I stop at a house that has a front porch. Taking off my pack, I sit in a dusty chair and open one of the mystery cans of food. Stewed tomatoes. I put a forkful in my mouth and swallow without tasting it.

Then I look at the red pulp at the end of my fork and my mind immediately jumps to Jamie being ripped apart by lions. My stomach churns and, tasting the bile in my throat, I jump up and run to the edge of the porch, ready to throw up. But nothing comes. I put the can on the porch railing and sit back down, waiting for something to happen.

Anything.

I sit longer than I should. The rain begins to slow and the sun is setting somewhere behind the clouds. It’s getting dark quickly now—I’ve completely lost track of time. I have to get up if I hope to see the street signs and house numbers, but my body won’t let me move. I’m too weak. Worse than when I broke my leg.
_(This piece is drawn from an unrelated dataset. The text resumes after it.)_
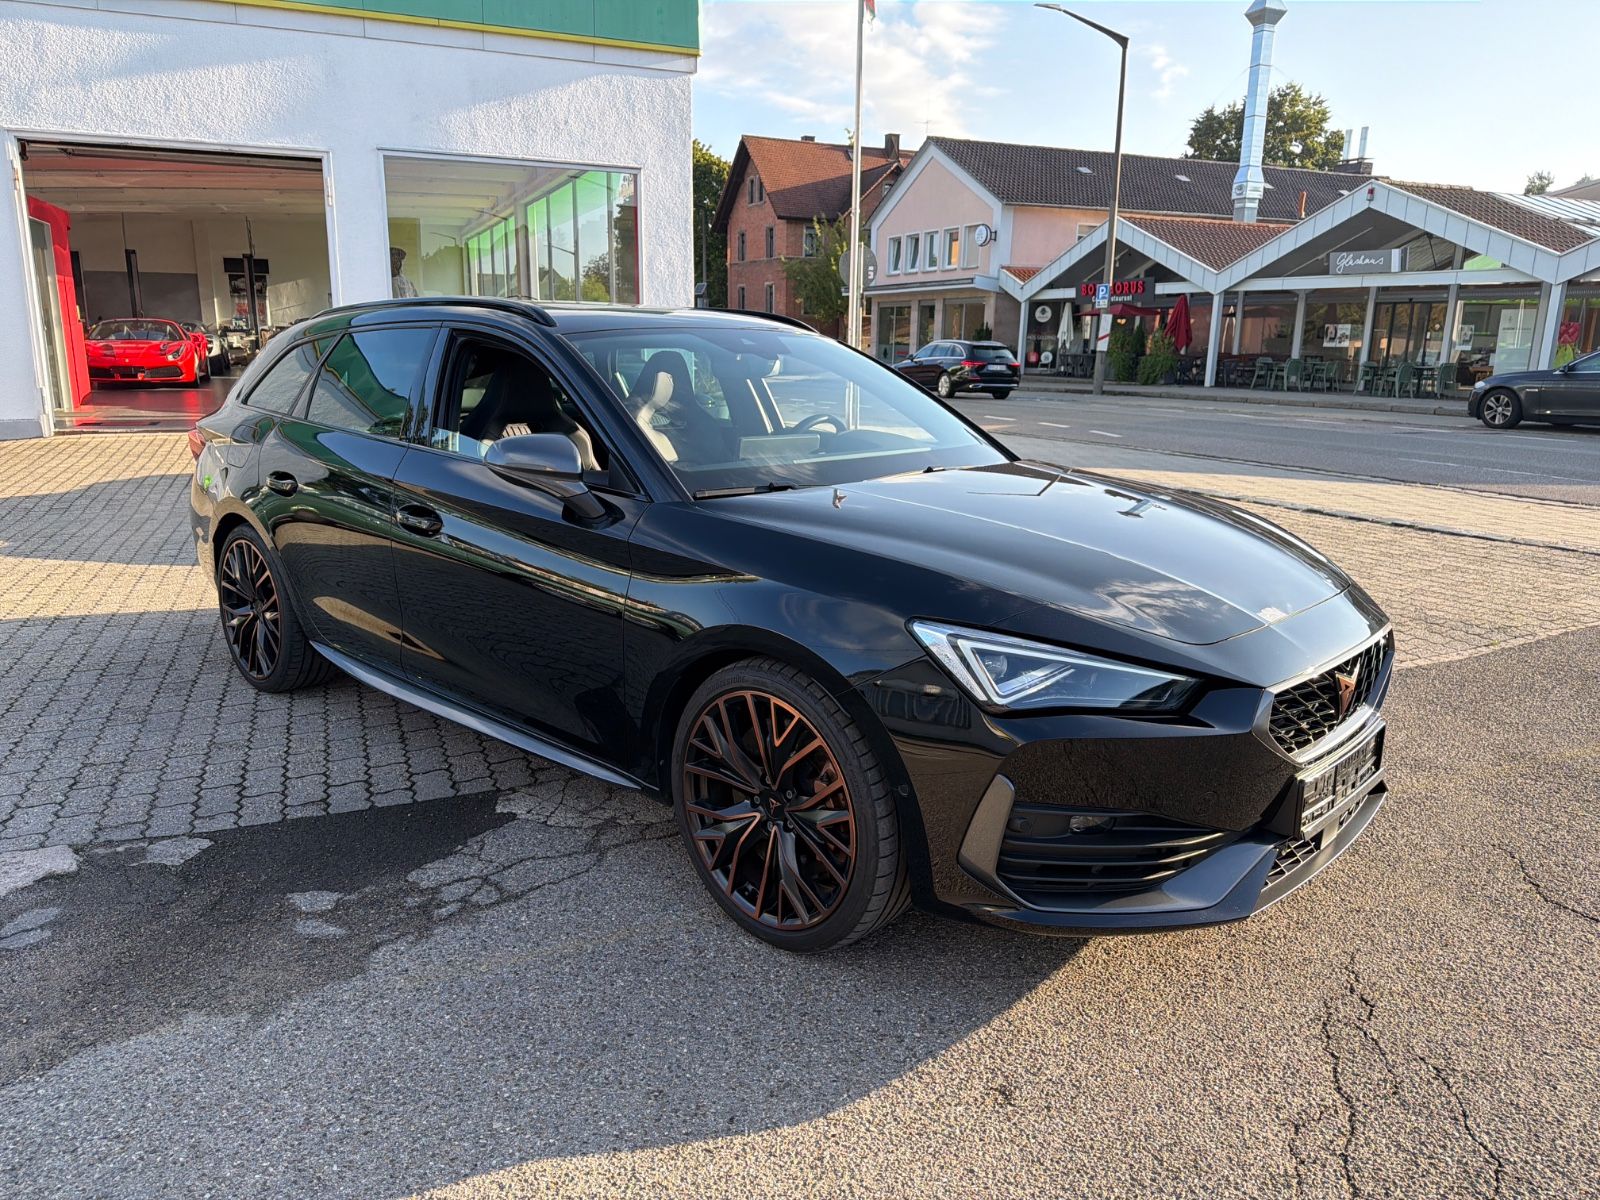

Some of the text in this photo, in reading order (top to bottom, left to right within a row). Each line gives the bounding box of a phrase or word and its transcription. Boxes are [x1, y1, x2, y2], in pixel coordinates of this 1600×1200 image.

I’m alone again. I don’t want to feel like this anymore. I wipe the tears from my eyes and put my pack on my shoulders.

Lieper Street is ahead. My hand goes for my gun instinctively as I round the corner. There’s someone on the road ahead of me. It’s hard to see in the dark, but it looks like a man and I can tell that he’s armed.I take my hand away from the gun. Let him shoot me or kill me if he has to. I’m ready to give up. If after all of this, trying to do the right thing, I still lose Jamie? It’s not fair.

Maybe it’s Marc Foster. The universe is just bitchy enough that it’s possible. I come all this way to tell him what happened to his parents and he shoots and kills me in the middle of the street before I can even do so. His parents’ death remains a mystery.

The rain has stopped now; my teeth are chattering. I don’t walk quietly—in fact, I make as much noise as I can walking down the street. The man turns and speaks.

“Why are you walking like an elephant?” he asks.

My heart leaps into my chest. I can’t feel anything, but I’m moving. Running as fast as I can.

The closer I get the better I recognize him. His jawline, his arms, his legs, the way his chest is out, the way he stands with his shoulders back. I run into him and I pull him into a hug so tight it might kill us both.

Jamie lets out a low “oof” and begins to laugh.

That laugh! The laugh that fills me with warmth and hope. I’m crying so hard I don’t think he can hear what I’m saying.

“I thought you were dead. I waited so long and you didn’t come and I thought you were dead.”

“I can’t breathe,” he says, but he’s laughing. His hands pat my sides and I realize I’m squeezing him around his arms. He’s also wet from the rain. I loosen my grip and step back. I can see his smile in the darkening twilight and I can’t stop myself.